January 13, 2016 | Erin Bluvas, bluvase@sc.edu
The Arnold School of Public Health’s USC Speech and Hearing Research Center provides treatment for both common (e.g., speech delay, articulation challenge) and low-incidence (e.g., selective mutism, stuttering) communication disorders. However many primary conditions can have an impact on speech as a side effect as well.
It is well known, for example, that Parkinson’s affects walking and writing. By causing neurons in the movement centers of the brain to die, this progressive neurological disease causes a decrease in all motor movements. When this happens, walking becomes a series of very small steps, and writing gets smaller and smaller.
“While many people are aware of walking and writing difficulties, problems with speech are another challenge affecting most people with Parkinson’s,” says Senior Clinical Instructor Sarah Scarborough. Speech symptoms can include decreased volume, monotone speech, stuttering, increased hoarseness, and mumbling toward the end of sentences. “There are improvements to speech from medication and some types of surgeries but just not as much as for walking,” she says.
But progressive treatment centers, such as the USC Speech and Hearing Research Center, which is located within the Department of Communication Sciences and Disorders (COMD), have had success with an approach known as Lee Silverman Voice Treatment. Developed in 1985, clinicians began using the series of exercises included in the treatment.

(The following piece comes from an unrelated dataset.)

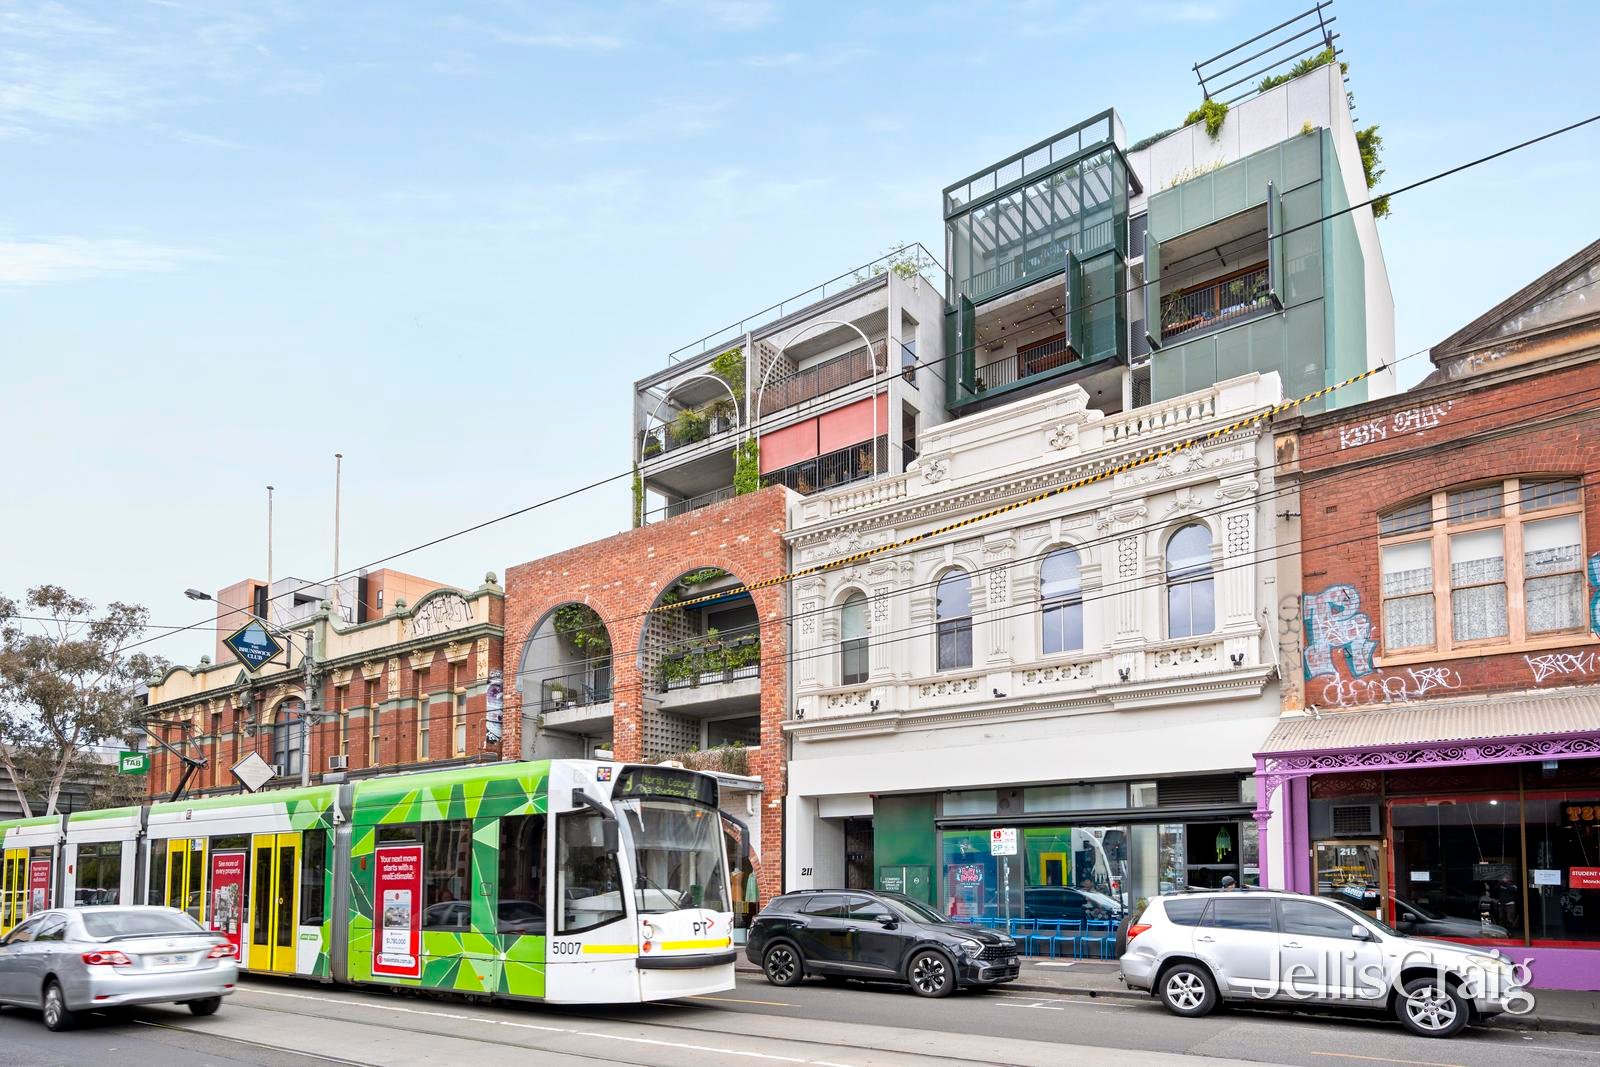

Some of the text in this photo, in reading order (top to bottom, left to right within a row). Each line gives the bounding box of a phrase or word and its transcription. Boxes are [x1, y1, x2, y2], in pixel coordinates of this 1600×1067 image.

This intensive exercise program consists of four one-hour treatments on four consecutive days a week for four weeks. The goals of speech therapy are to increase intensity (i.e., loudness) of speech to recover a clear high quality voice. By concentrating on intensity, the patient will also increase the size of their breaths, improve their articulation and reduce the rate of their speech.
Scarborough has worked with patients who have Parkinson’s since before the program was developed and has seen the evolution of its integration into standard treatment protocols—at least at more innovative clinical sites. “Before Lee Silverman Voice Treatment, the medical community was skeptical of the benefits of speech therapy for people with Parkinson’s,” she says. And with good reason. “The traditional therapy addressing speech intelligibility was hampered by the various factors affecting speech in persons with Parkinson’s, such as rate of speech and loudness,” Scarborough explains. “But this therapy addresses these issues and has helped persons with Parkinson’s greatly increase their speech clarity.”
As a Lee Silverman Voice Therapy certified speech language pathologist, Scarborough and other Center clinicians have been providing this unique, but effective, therapy with great success at the USC Speech and Hearing Research Center since 2003. “The treatment has resulted in improved intelligibility for almost every person with Parkinson’s by the end of the four weeks of treatment,” she says. “This improvement has been maintained for each patient when we complete a re-evaluation six months following the end of therapy.” Scarborough also teaches the program to her students (COMD 772) so that they can apply their hands-on experience with this therapy from her class to their clinical practices after they graduate.
Because the Center is entrenched within the COMD department, it always benefits from being informed by the latest research in the field, with the researchers sharing office space and often seeing patients as well. For example, Roozbeh Behroozmand joined the department in 2014, and his research examines the neural basis of speech disorders, including persons with Parkinson’s.
In his Speech Neuroscience Lab, Behroozmand utilizes a variety of techniques to measure and track changes in brain activity that are associated with speech impairment with Parkinson’s disease. Together, Behroozmand and Scarborough are working to develop other treatments for Parkinson’s disease which could augment exercise programs like Lee Silverman Voice Therapy and perhaps assist with new medical treatments for this disorder.